子供の記憶としてはこんなものなのだろう。



前回にも書いたが、

平康里という宿は、

一軒か二軒の楼が

住宅や商店の間に何気なく営業していたに違いない。

イメージ 7

↑冠県路。このあたりに平康2里があった?




H氏から、

情報を提供されたお年寄りの手紙を、

原文のまま送っていただいたので再録する。



「赤線の話しですが、東海楼も平康里と同様で、

他に平康東里、平康五里もありましたが、

行ったことも無く所在地も解りません。


平康二里は平陰路だったと思います。


夕方になるとドラが鳴り、随分賑やかなものでした。


昭和18年当時、確か一泊2元だったと記憶して居ります。


生きてる内にもう一度青島に行きたいと想って居ります。

一にも二にも健康が一番、お互いに長寿を祈りませう。
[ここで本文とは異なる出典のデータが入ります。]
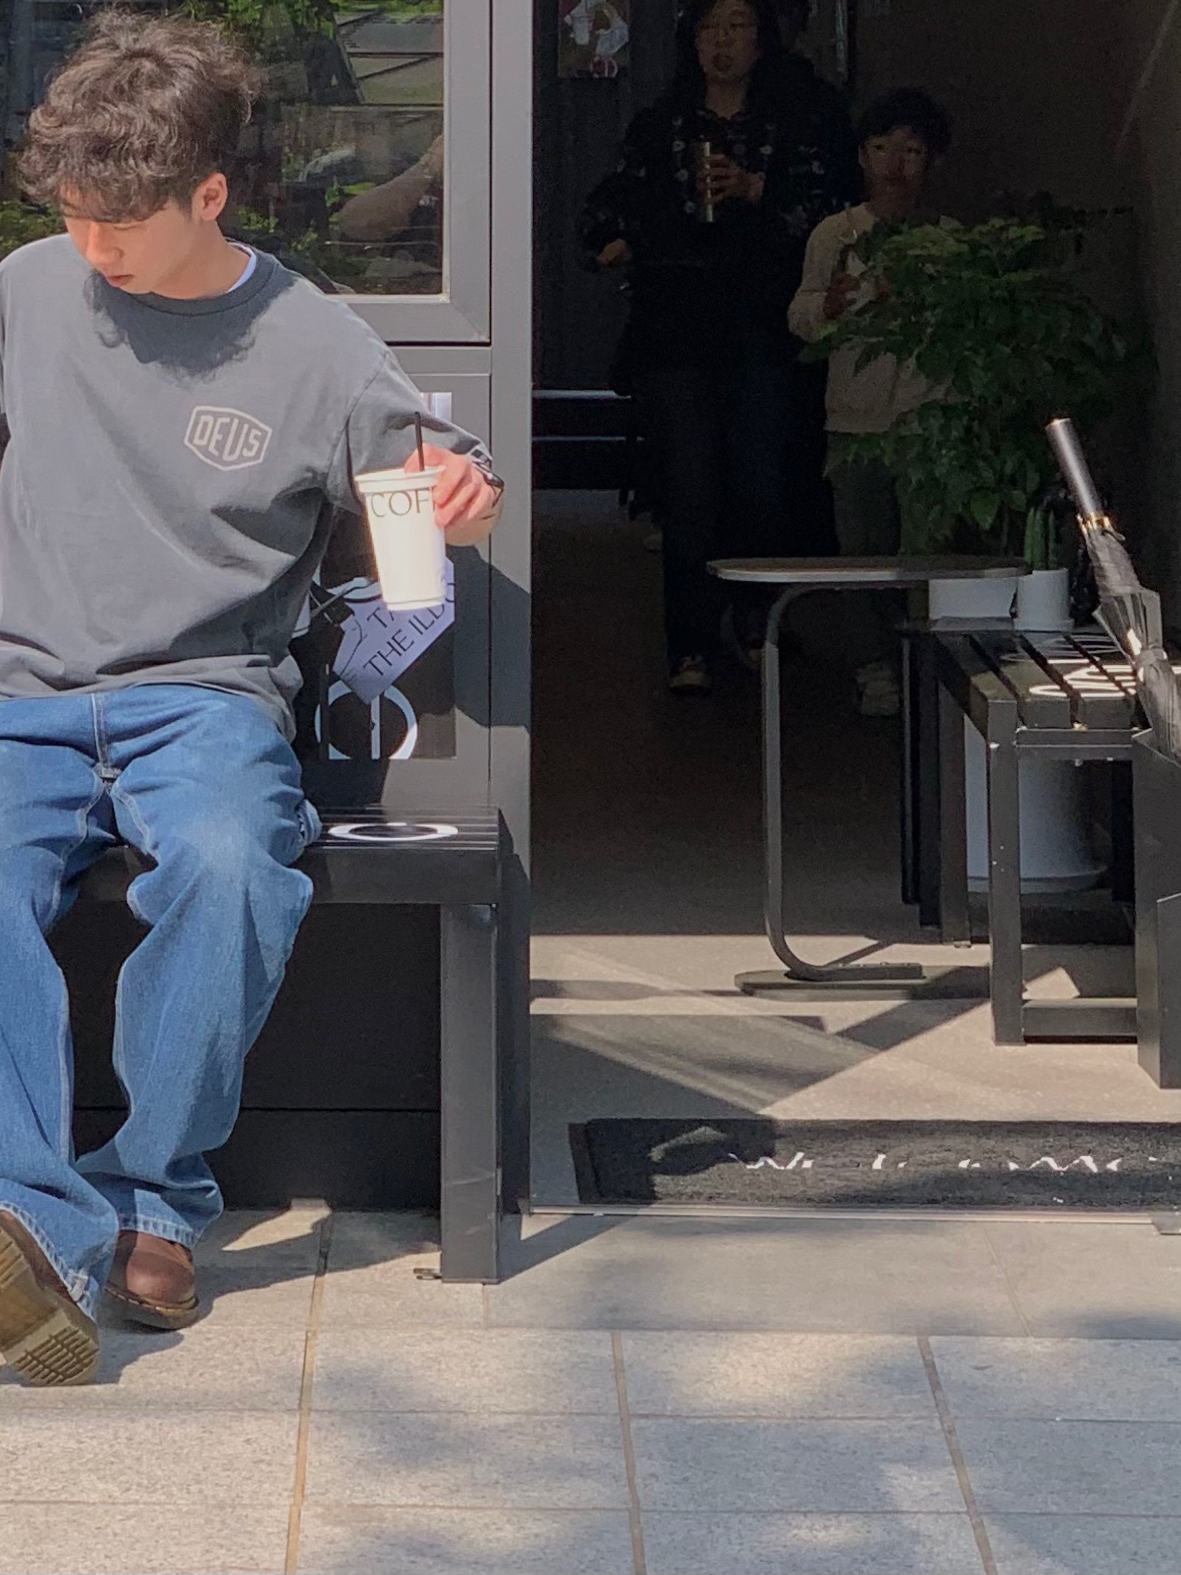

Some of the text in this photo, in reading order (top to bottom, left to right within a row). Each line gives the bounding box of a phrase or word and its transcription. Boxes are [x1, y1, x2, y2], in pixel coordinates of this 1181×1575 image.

」


大正生まれのお年寄りらしく旧仮名遣いの文章になっているが、


<一泊2元だった>


と、値段まで書いていただいた。



当時の通貨は、


「昭和13年3月10日、中国聯合準備銀行が設立され、

昭和14年3月10日以降、聯銀券以外の通貨の流通は禁止された」

(1940年(昭和15年)旧JTB発行「青島」より)



つまり、日本銀行券1円が、聯銀券1元に換金された。


当時、2元で何が買えたか。



前記冊子「青島」によると、


市内遊覧バス乗車賃が2円、


となっているから、


平康里のお遊び代は、

遊覧バスで2時間半の市内観光をする料金と同じである。


ちなみに、市内の3級旅館の一泊料金は3円からとなっている。



昭和18年(1943年)といえば、

猛烈なインフレが現地を襲い始めた時期である。


お遊び代も当然値上がりしたことだろう。


2元というお遊び代が高いか安いかは、

読者のみなさんの判断にお任せする。




もう一軒の「東海楼」の所在地は、

冠県路を市場通りへ曲がらずに真っ直ぐ行った道である。


小港のまん前だから、

船乗り相手の商売として繁盛していたに違いない。


その莘県路には古い建物はほとんど残っていない。


残っていた解体寸前の建物を撮ってきたが、

この中に「東海楼」跡があれば幸いである。

イメージ 8


イメージ 9


イメージ 10





「平康1里」については、

「青島日本中学校校史 」の中に次のような思い出文がある。


「(私の)住所は当時の街名膠州路といい、

(中略)

色町の横を通る中野町との交差点でした。


街路を隔てて向かいは『第一楼』、


その裏は大辰、上がった所には三浦屋という大料亭があり・・・」

(第3回生・徳重文一郎)


この文中の『第一楼』というのが、

「平康1里」のことであろう。

イメージ 11

↑聊城路から膠州路に出る角。




手元にある資料は出し尽くした。


「続・昔、色町があった」

もこの辺で筆を置くことになる。


青島帰りのお年寄りの手紙の中には、

このほかに

「平康東里」

「平康5里」

というのがあったと書かれている。



また新たな情報が入れば、

「続々・昔、色町があった」

を書くことになろう。

閉じる コメント(3)

顔アイコン

昔、日本人が闊歩した時代の青島の街研究、興味深く拝見しました。1988年撮影の写真は郷愁を誘います。
「平康里のお遊び代は、遊覧バスで2時間半の市内観光をする料金と同じで」とは!娼婦たちの待遇が想像され哀れです。
中国聯合準備銀行のことや1943年当時の物価など勉強になりました。有難うございます。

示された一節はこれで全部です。